When he turned around, Liz was standing in the doorway, wearing a blue nylon nightie that stopped several inches north of the knee. She was looking at him levelly.

'You're keeping secrets, Thad. That's no good. It never was.'

He sighed harshly and held his hands out in front of him with the fingers splayed. They were still trembling. 'How long have you known?'

'There's been something off-beat about you ever since the sheriff came back tonight. And when he asked that last question . . . about the thing written on Clawson's wall . . . you might as well have had a neon sign on your forehead.'

'Pangborn didn't see any neon.'

'Sheriff Pangborn doesn't know you as well as I do . . . but if you didn't see him do a double-take there at the end, you weren't looking. Even he saw something wasn't quite kosher. It was the way he looked at you.'

Her mouth drew down slightly. It emphasized the old lines in her face, the ones he had first seen after the accident in Boston and the miscarriage, the ones which had deepened as she watched him struggle harder and harder to bring water from a well which seemed to have gone dry.
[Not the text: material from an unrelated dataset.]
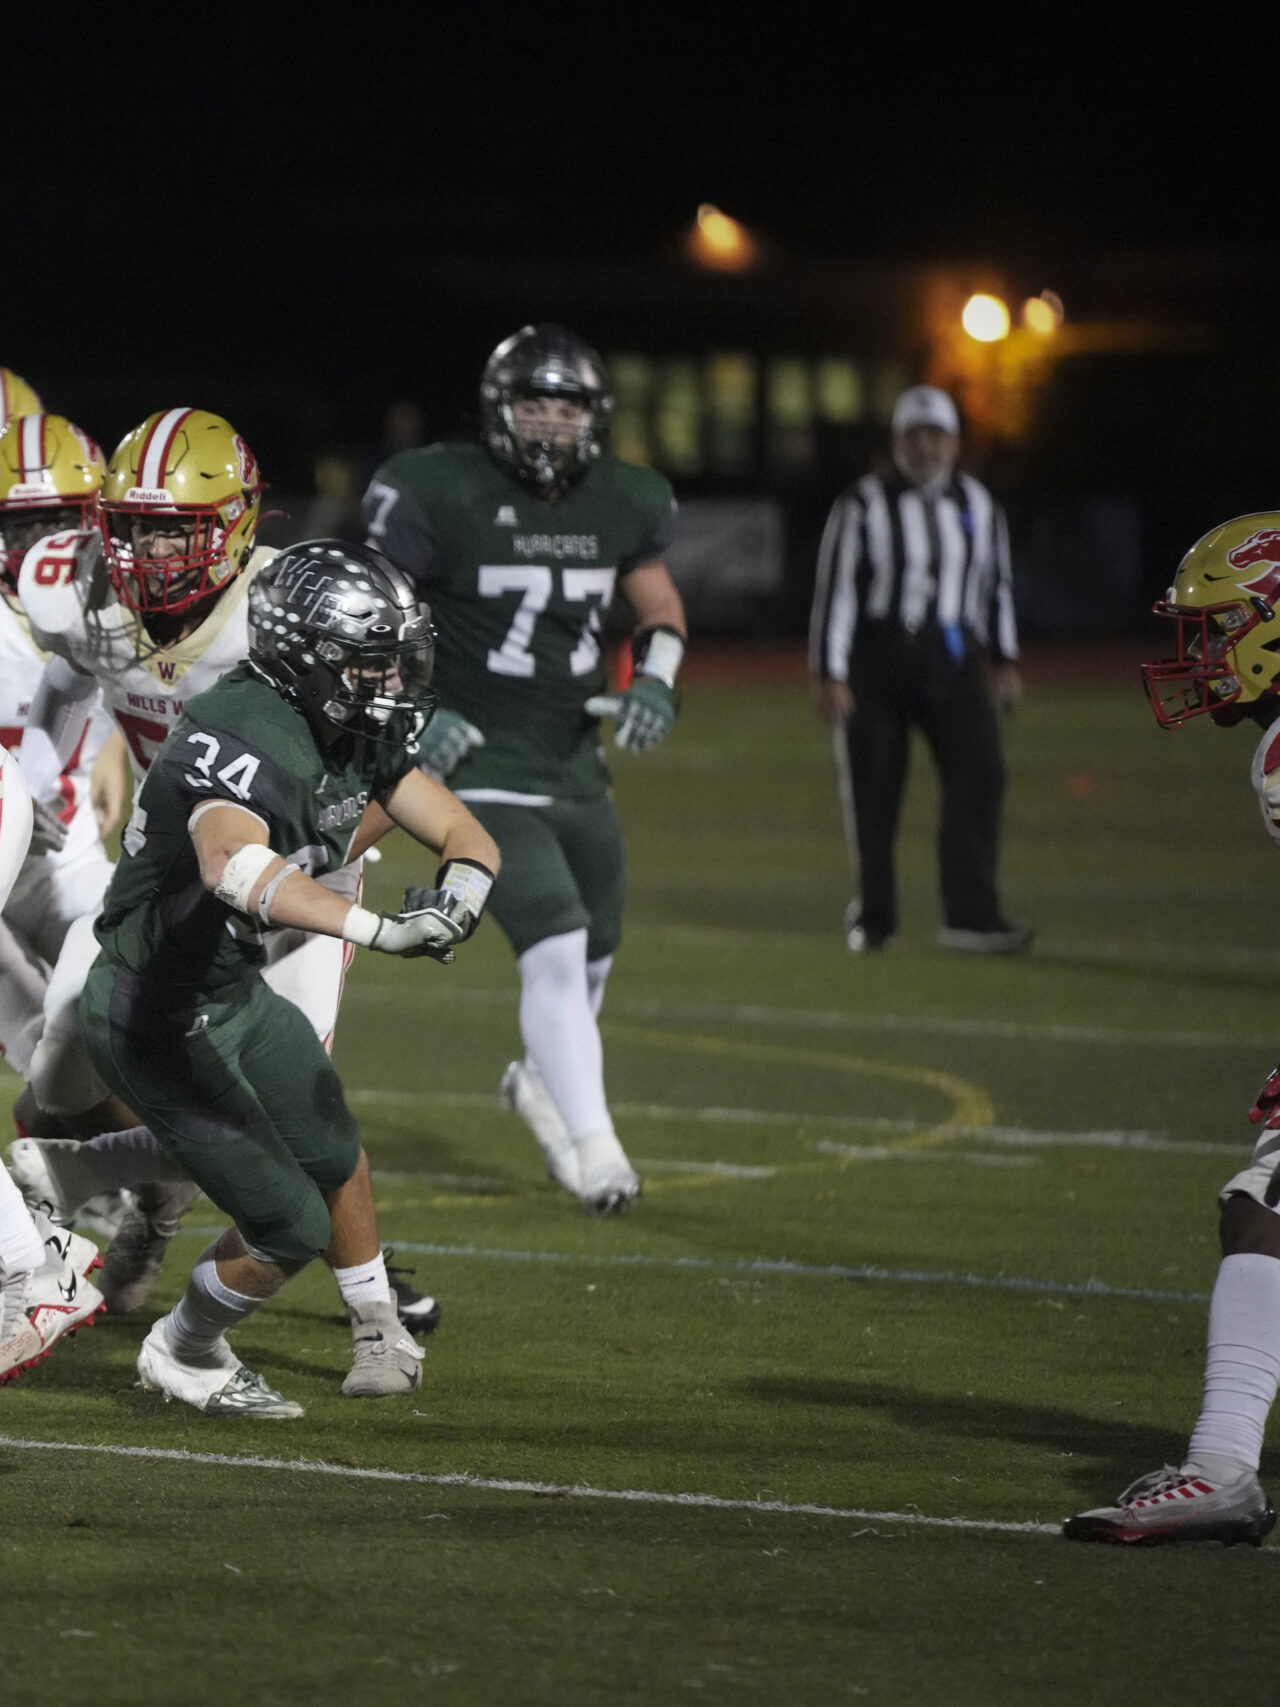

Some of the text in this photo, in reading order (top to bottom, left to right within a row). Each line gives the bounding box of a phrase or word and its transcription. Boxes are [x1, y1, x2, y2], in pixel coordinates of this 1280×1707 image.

It was around then that his drinking had begun to waver out of control. All these things - Liz's accident, the miscarriage, the critical and financial failure of Purple Haze following the wild success of Machine's Way under the Stark name, the sudden binge drinking had combined to bring on a deep depressive state. He had recognized it as a selfish, inward-turning frame of mind, but recognition hadn't helped. Finally he had washed a handful of sleeping pills down his throat with half a bottle of Jack Daniel's. It had been an unenthusiastic suicide attempt . . . but suicide attempt it had been. All of these things had taken place in a period of three years. It had seemed much longer at the time. At the time it had seemed forever.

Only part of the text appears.